Ambos valoran la impasibilidad, es decir, no padecer, no perturbarse. Para ello recomendaban controlar el deseo o conocerlo y así llegar a la serenidad. Dice otro hombre que se dedica a tratar la angustia, Fernando Colina, que «todas las escuelas antiguas son escuelas de moderación. Lo son el estoicismo, el escepticismo, el epicureísmo (su hedonismo era más un principio de hedonismo que de comportamiento) y el cinismo. Todas se guiaban, pese a sus diferencias y su distinta fisonomía, bajo esa norma común. La moderación y el término medio fueron un principio ético universal que, no sin ciertos matices, ha llegado vivo hasta nosotros. Pathos , perturbatio , afectus , morbus , hexis , son los términos que se oponen a la moderación [...] la moderación representa la técnica por excelencia para frenar los deseos y regular los placeres. La felicidad quedaba ligada a la tranquilidad del ánimo y a la autarquía, es decir, al imperio del hombre sobre sí mismo, al gobierno eficaz de sus deseos que le permitía liberarse de toda inquietud».
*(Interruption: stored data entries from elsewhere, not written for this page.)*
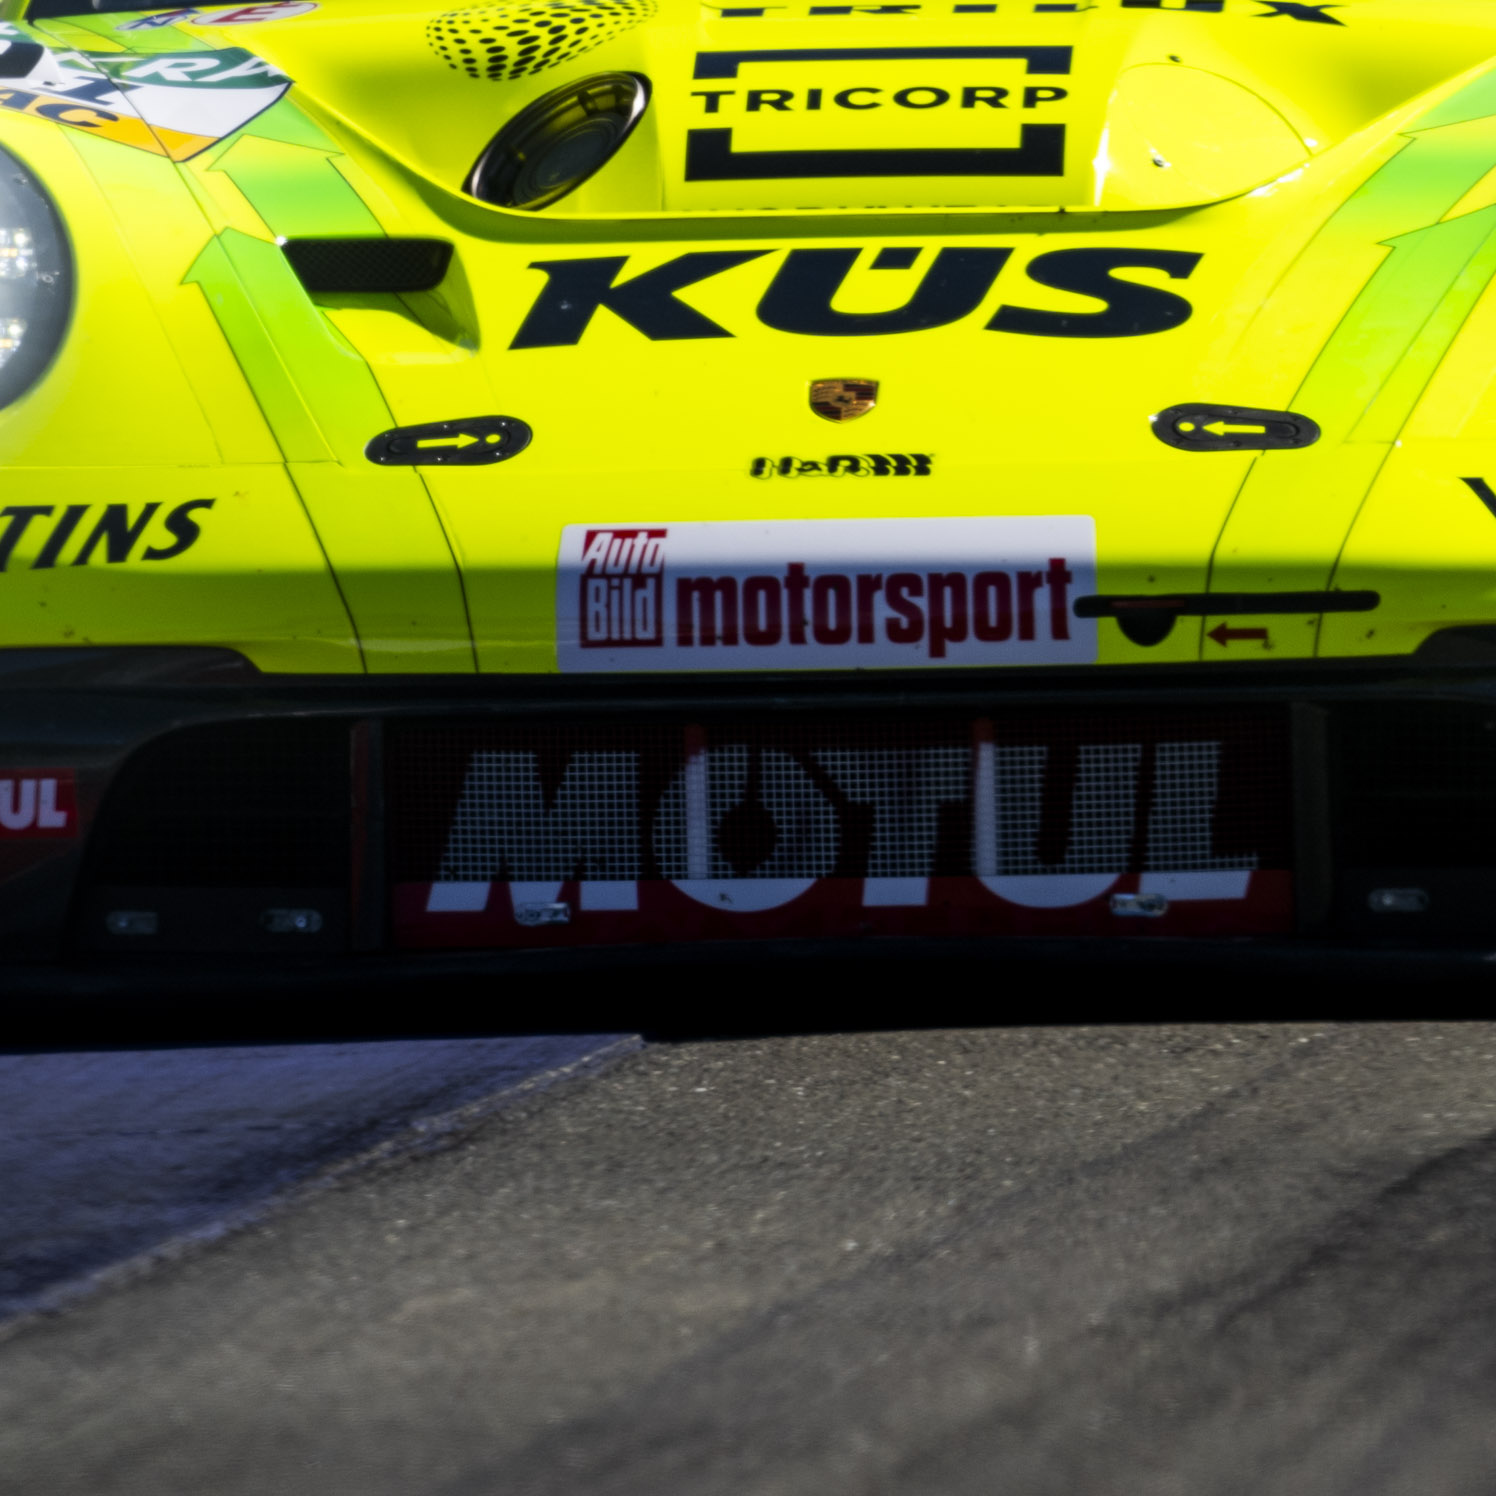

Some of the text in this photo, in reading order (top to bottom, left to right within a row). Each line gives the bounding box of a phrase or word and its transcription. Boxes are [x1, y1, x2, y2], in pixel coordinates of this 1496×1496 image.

[690, 84, 1069, 114] TRICORP
[507, 246, 1205, 350] KÜS
[581, 530, 666, 574] Auto
[587, 557, 1073, 658] Bild motorsport
[425, 740, 1260, 913] MOTUL
Aspiraban los clásicos a la serenidad, a la impasibilidad, a la no perturbación y a poder «vivir tranquilos». Bueno, claro, es que eso es lo que querríamos todos. Evitar el displacer y la infelicidad. Esta aspiración se ha mantenido a lo largo del tiempo, esa «serenidad del alma» de la que habla Epicuro.

Más tarde, Locke, en el siglo XVII, en el Ensayo sobre el entendimiento humano también mencionaba el tema: «Que todos los hombres deseen la felicidad, es algo que no admite duda; pero, según ya advertimos, cuando no los atenaza ningún dolor, se inclinan a entregarse al primer placer que esté a la mano, o al que el hábito ha hecho recomendable para conformarse con él; de manera que estando satisfechos, hasta que algún deseo nuevo viniendo a inquietarlos altera esa felicidad y les muestra que no son felices, no ven más allá, porque su voluntad no está determinada a ninguna acción que los conduzca a perseguir algún otro bien conocido o aparente. Porque, como la experiencia nos enseña que no podemos disfrutar de toda clase de bienes, sino que uno excluye al otro, no fijamos nuestros deseos en cada bien mayor aparente, a no ser que juzguemos que es necesario a nuestra felicidad: si pensamos que podemos ser felices sin ese bien, entonces no nos mueve».

Aquí Locke ya usa la palabra felicidad ligada al deseo y al placer. No duda de que todos los seres humanos deseemos la felicidad, y el deseo «nos inquieta» y así altera esta felicidad. Lo de la felicidad es mucho más complicado que lo que alcanzo a comprender. Me quedo con eso de la serenidad. Como decíamos, se han propuesto varias recetas a lo largo de la historia para conseguirla. Famoso es aquel «nada te turbe, nada te espante» de santa Teresa de Jesús. Las diferentes religiones, por ejemplo, han propuesto su estrategia, desde el cristianismo (templanza, serenidad y, en general, no ceder ante el deseo) hasta el nirvana de los budistas (no desear). Y en nuestros días destacan la difusión de las técnicas de relajación, las propuestas de meditación o el movimiento New Age y su música de fondo, las propuestas orientales y todo eso. Aunque en general la vida ni tiene amaneceres serenísimos ni música de fondo...

Desde que nacemos pugnamos por la satisfacción. Desde el primer llanto pidiendo el pecho de una madre. En el ser de los niños está desear y perturbarse. Y alegrarse, y desesperarse, y llorar, y reír a carcajadas. Igual que querer saber y preguntar el porqué.

Sería legítimo preguntar: ¿Entonces por qué no me satisfago siempre? ¿Por qué no podemos estar siempre satisfechos? Sería una reclamación lógica y consecuente al alcance de todos.